Content starts
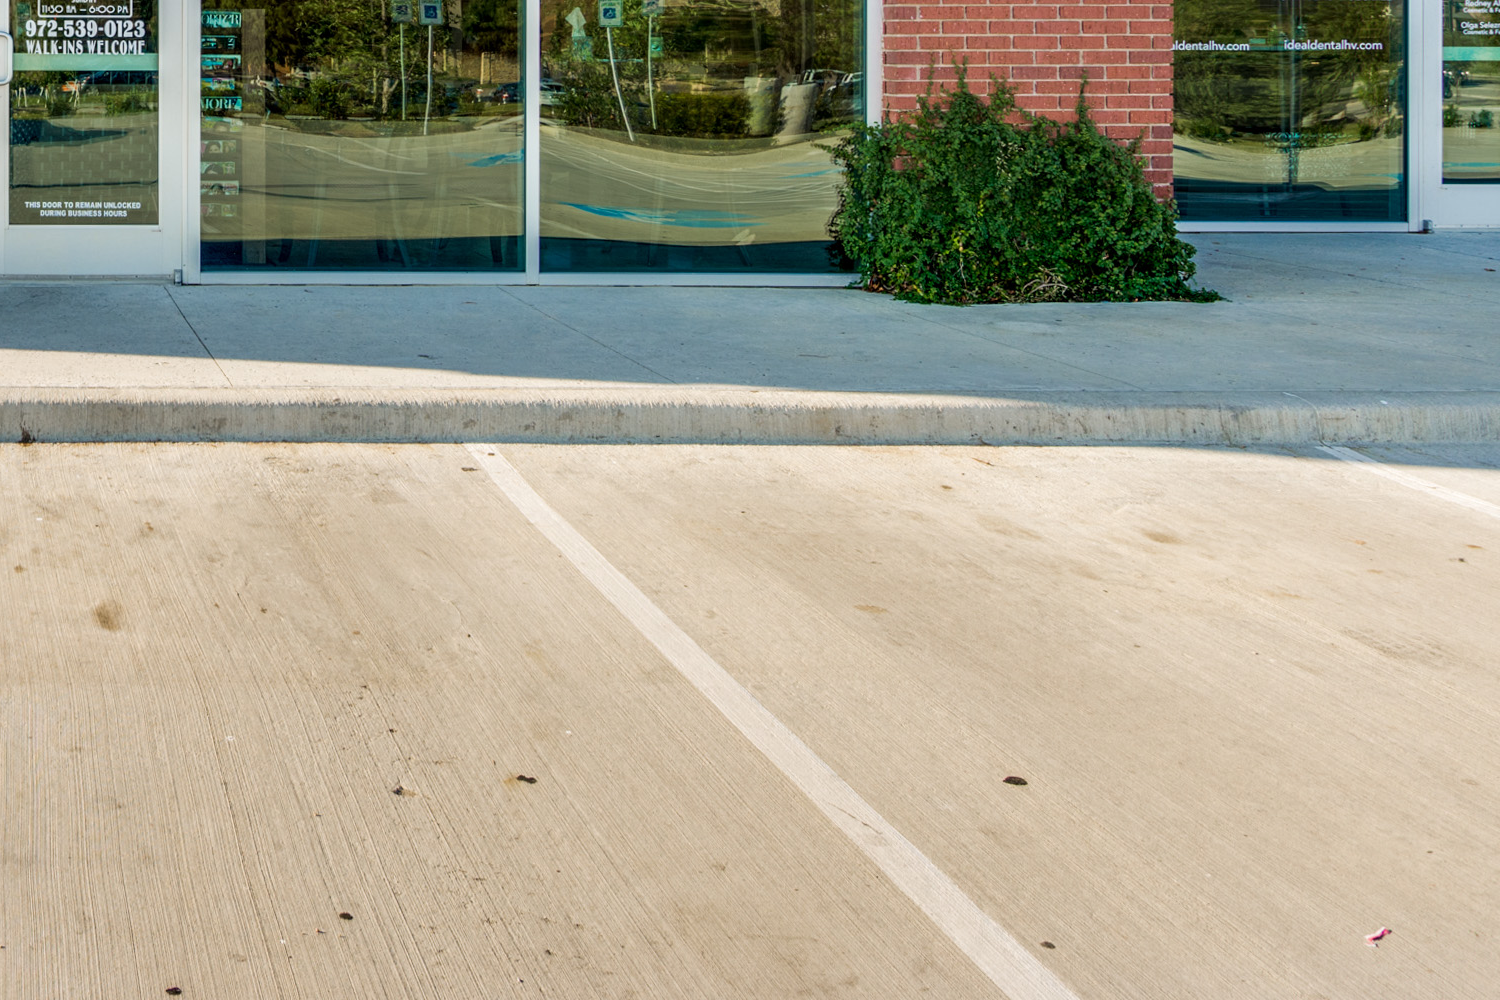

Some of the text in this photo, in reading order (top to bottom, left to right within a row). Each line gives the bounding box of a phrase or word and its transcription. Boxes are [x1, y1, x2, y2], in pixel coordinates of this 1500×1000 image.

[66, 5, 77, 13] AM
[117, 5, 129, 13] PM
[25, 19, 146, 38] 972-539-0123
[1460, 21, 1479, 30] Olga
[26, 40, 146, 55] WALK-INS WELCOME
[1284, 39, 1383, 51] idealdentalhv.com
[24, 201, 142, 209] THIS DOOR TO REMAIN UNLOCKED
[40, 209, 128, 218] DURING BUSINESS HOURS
Content ends
— WHAT IS BEING ASKED —
Once the pictures are set aside, repeat each entry exactly as it stands.

— OUTPUT BELOW —
Some of the text in this photo, in reading order (top to bottom, left to right within a row). Each line gives the bounding box of a phrase or word and its transcription. Boxes are [x1, y1, x2, y2], in pixel coordinates of this 1500×1000 image.

[66, 5, 77, 13] AM
[117, 5, 129, 13] PM
[25, 19, 146, 38] 972-539-0123
[1460, 21, 1479, 30] Olga
[26, 40, 146, 55] WALK-INS WELCOME
[1284, 39, 1383, 51] idealdentalhv.com
[24, 201, 142, 209] THIS DOOR TO REMAIN UNLOCKED
[40, 209, 128, 218] DURING BUSINESS HOURS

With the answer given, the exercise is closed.